Research is increasingly clear on the fact that we need a more food-based approach in our nutrition recommendations that takes into account the true impact of foods on overall health. "With this large growing body of evidence, we, as health professionals, need to be aware of this new data and information which may challenge some of our views," said Isabelle Neiderer, registered dietitian and Director, Nutrition with Dairy Farmers of Canada. "This is becoming particularly apparent in the areas pertaining to saturated fat and sodium where a growing body of research is questioning some of our assumptions." The following is a list of talks at the symposia:
Is it time to revisit saturated fat guidelines?
Benoît Lamarche, PhD, FAHA, Laval University
Current dietary guidelines encourage limiting saturated fat intake. Yet, new research suggests that the consumption of saturated fat may not be associated with coronary heart disease. In fact, recent research shows that the saturated fat in milk products have actually been associated with a lower risk of heart disease. The time has come to reassess current dietary recommendations related to saturated fat.
Dairy fat, obesity and cardiometabolic health
Mario Kratz, PhD, Fred Hutchinson Cancer Research Center and University of Washington (Toronto and Vancouver) and Stephan J. Guyenet, PhD, University of Washington (Montréal and Moncton)

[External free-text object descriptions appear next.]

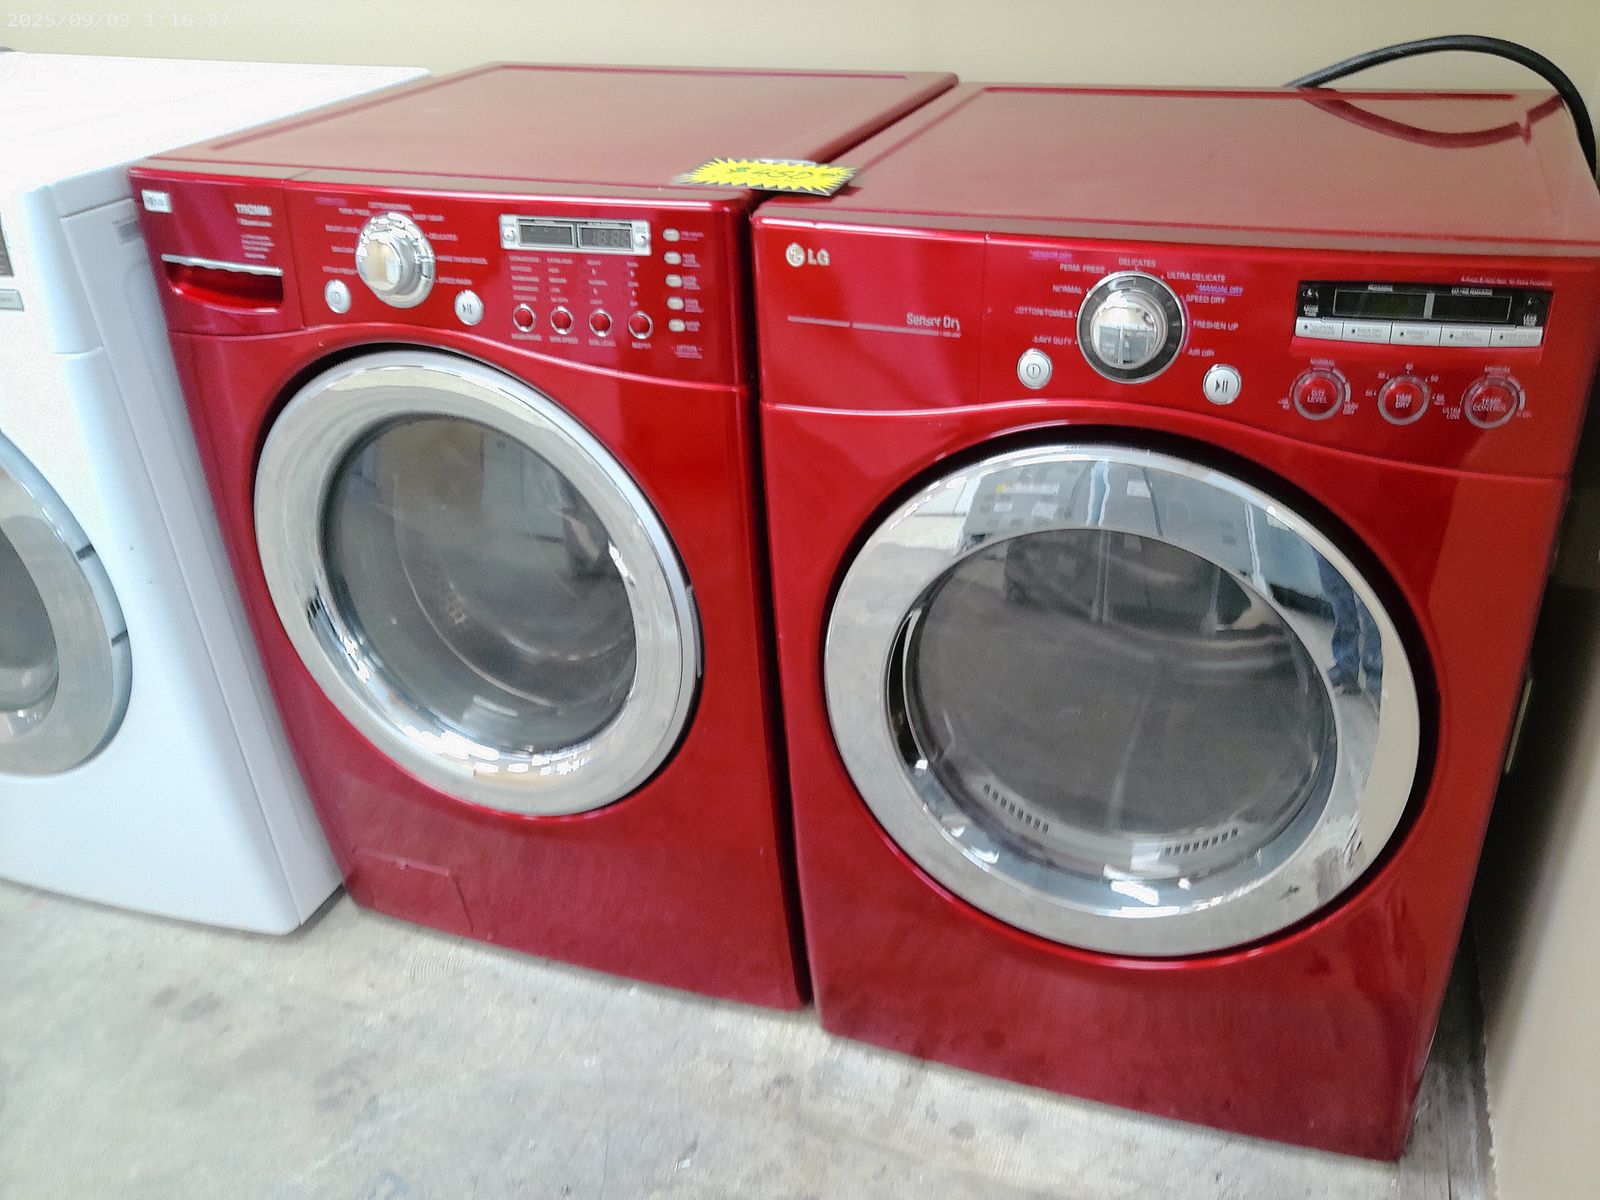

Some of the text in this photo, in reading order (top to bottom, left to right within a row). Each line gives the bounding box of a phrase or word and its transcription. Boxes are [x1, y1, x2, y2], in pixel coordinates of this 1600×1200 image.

[807, 248, 830, 266] LG
[1118, 257, 1157, 269] DELICATES
[1192, 272, 1226, 283] DELICATE
[906, 311, 961, 332] Sensor Dry
[1192, 319, 1227, 331] FRESHEN

A systematic literature review of existing studies refutes the notion that dairy fat or high-fat dairy foods contribute to obesity or cardiometabolic risk and, in fact, suggests that high-fat dairy consumption, within typical dietary patterns, is inversely associated with obesity risk.
Dietary sugars and health
John L. Sievenpiper, MD, PhD, FRCPC, St. Michael's Hospital, University of Toronto
Sugars have replaced fat as the dominant public health concern in nutrition, sparking numerous debates. However, there are uncertainties and gaps in the scientific evidence linking sugar consumption with negative health effects. Sugars only contribute to weight gain insofar as they contribute to excess calories. Attention needs to remain focused on reducing overconsumption of all highly caloric foods, and more importantly, to consider whole foods and dietary patterns rather than singling out individual nutrients when developing public health guidelines.
Sodium recommendations - What are optimal levels?
Michael H. Alderman, MD, Albert Einstein College of Medicine, U.S.
Dietary sodium, essential to human existence, has sometimes been a scarce and much valued nutrient. Recently, however, many authorities have suggested that the sodium intake of most people is excessive and can negatively impact health. Yet, there is no evidence that reducing sodium intake to less than 2.3 grams per day (as recommend in dietary guidelines) is associated with health outcomes superior to those of persons consuming between 2.5 and 5.0 grams per day, which is the average consumption.